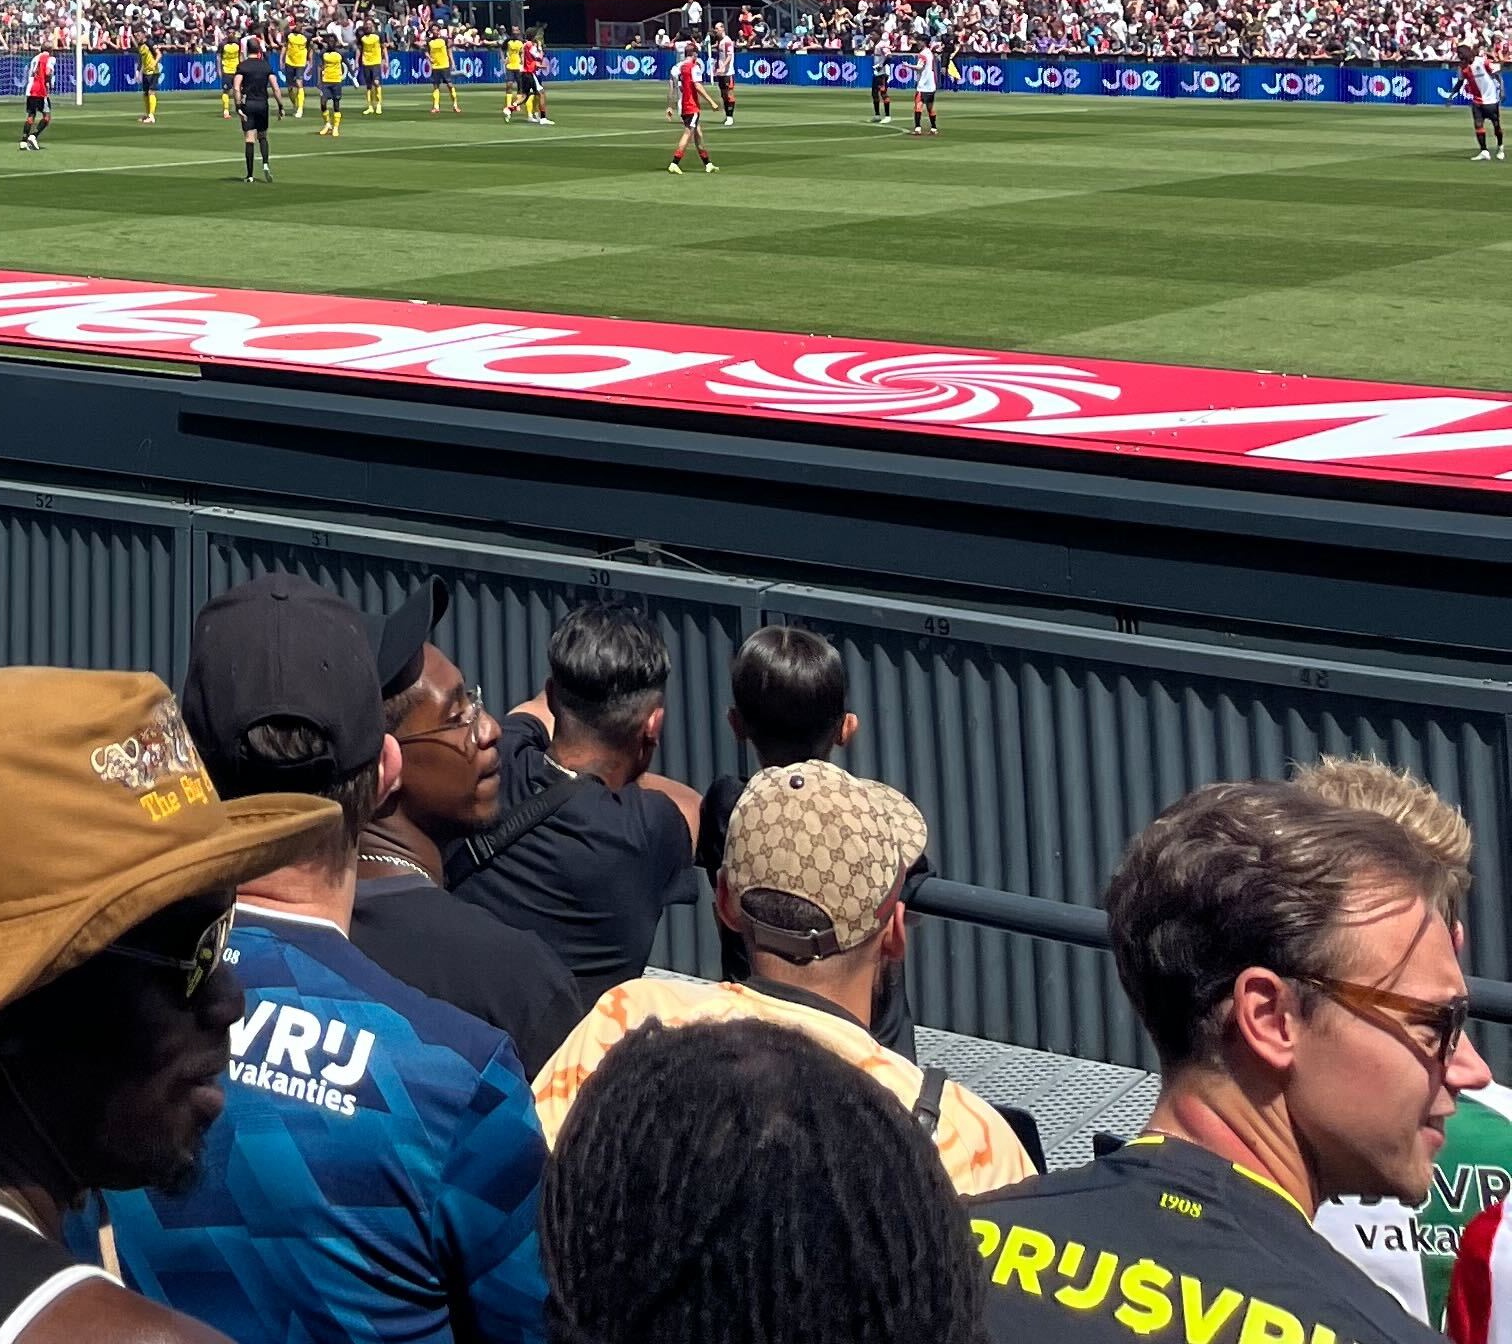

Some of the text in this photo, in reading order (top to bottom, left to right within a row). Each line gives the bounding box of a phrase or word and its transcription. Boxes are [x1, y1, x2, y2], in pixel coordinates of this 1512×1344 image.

[34, 493, 54, 509] 52
[589, 568, 610, 586] 50
[923, 615, 951, 636] 49
[139, 790, 182, 822] The
[229, 1058, 357, 1116] vakanties
[1159, 1192, 1203, 1219] 1908
[1354, 1217, 1465, 1258] vaka
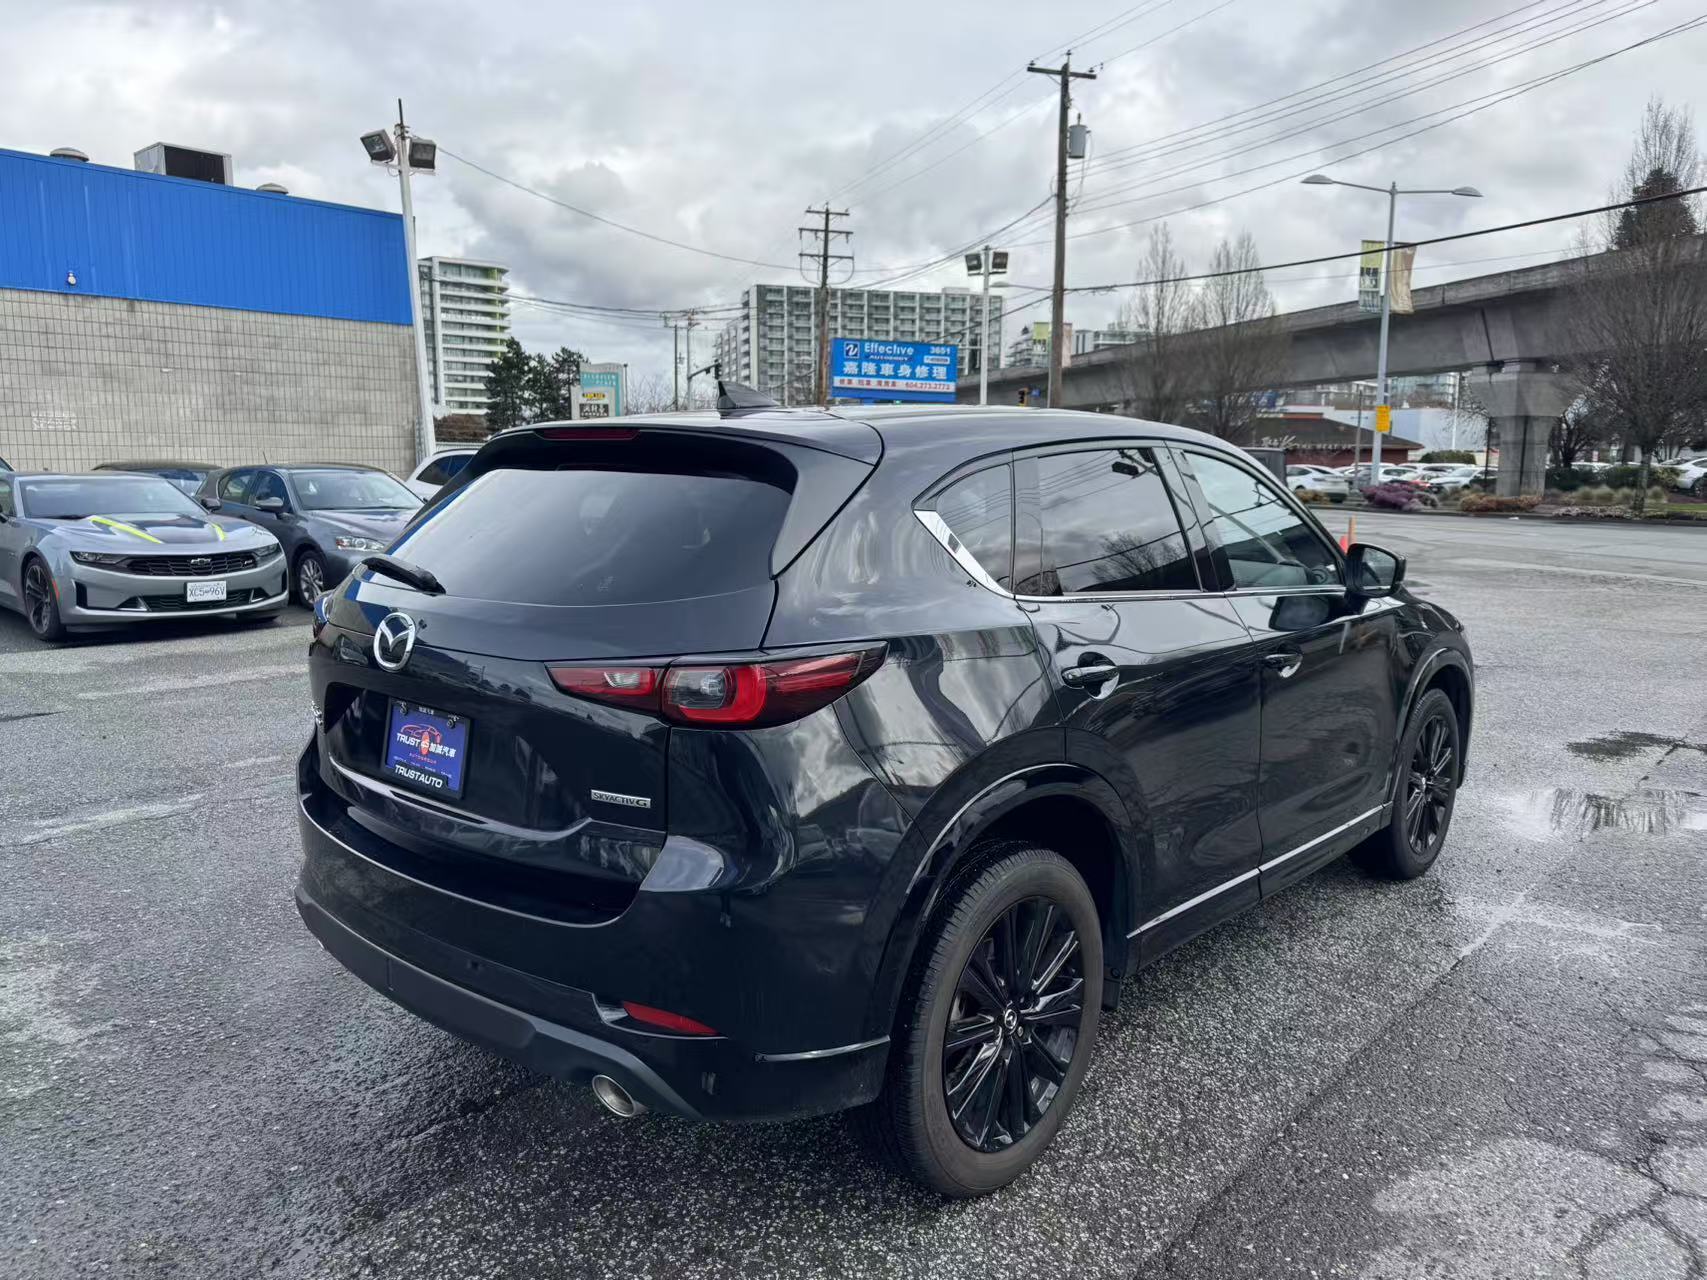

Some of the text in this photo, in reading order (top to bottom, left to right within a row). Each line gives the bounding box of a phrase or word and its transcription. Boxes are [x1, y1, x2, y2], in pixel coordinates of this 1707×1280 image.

[864, 342, 914, 355] Effective
[396, 733, 421, 748] TRUST
[394, 764, 443, 788] TRUSTAUTO
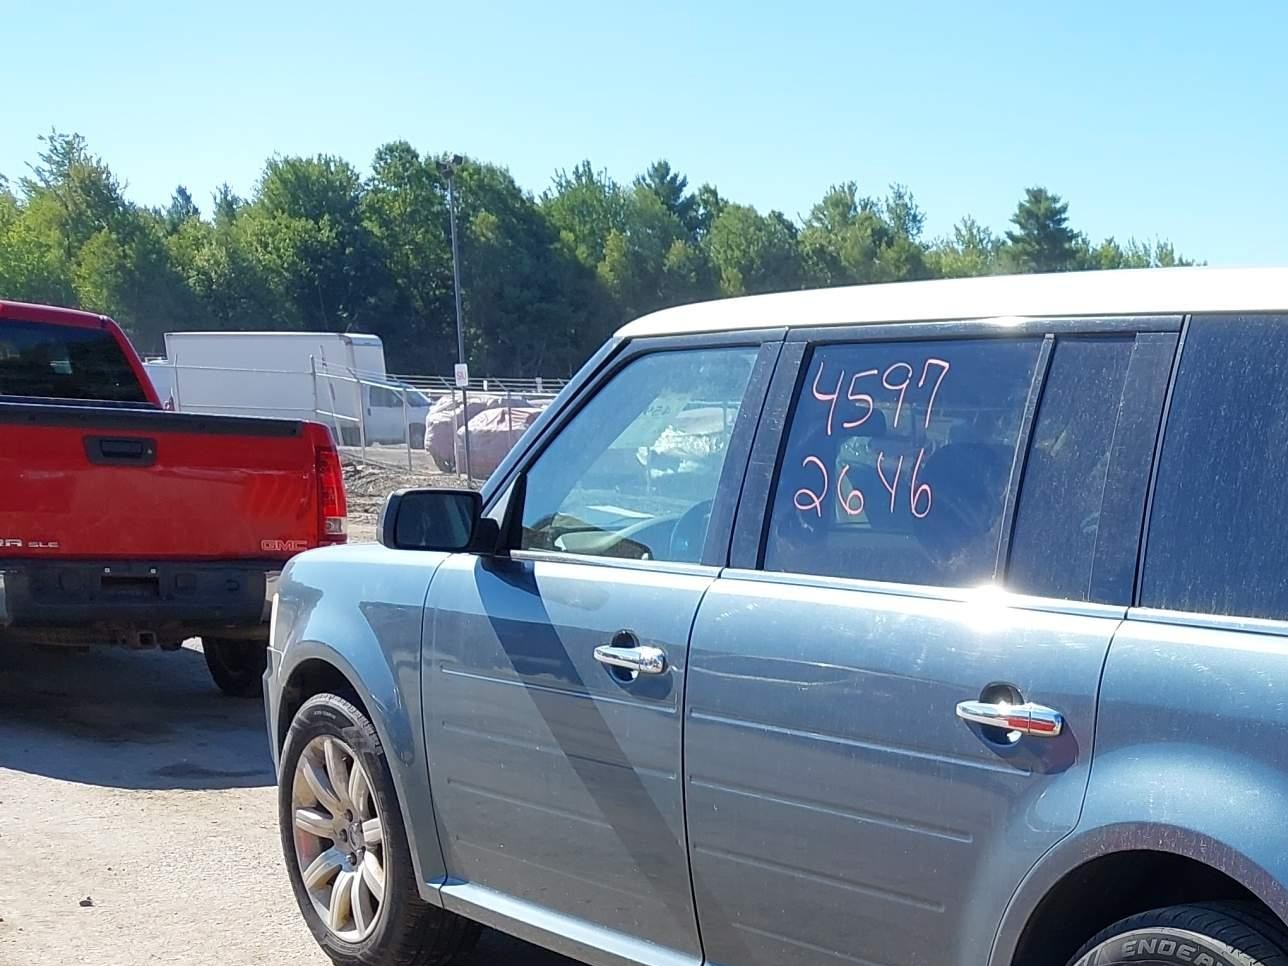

=-=-=

Transcribe every record above in full. Pictures stay out of the copy.

Some of the text in this photo, in reading order (top to bottom, left to right within a row). Each line gives the bounding box of a phrase or word and its transcription. Boxes are [x1, y1, x2, y2], in pixel coordinates of this 1512×1344 image.

[34, 493, 54, 509] 52
[589, 568, 610, 586] 50
[923, 615, 951, 636] 49
[139, 790, 182, 822] The
[229, 1058, 357, 1116] vakanties
[1159, 1192, 1203, 1219] 1908
[1354, 1217, 1465, 1258] vaka

Some of the text in this photo, in reading order (top to bottom, left to right within a row). Each line gives the bounding box of a phrase or word and its transcription. Boxes are [x1, y1, x2, y2], in pixel coordinates of this 1707×1280 image.

[864, 342, 914, 355] Effective
[396, 733, 421, 748] TRUST
[394, 764, 443, 788] TRUSTAUTO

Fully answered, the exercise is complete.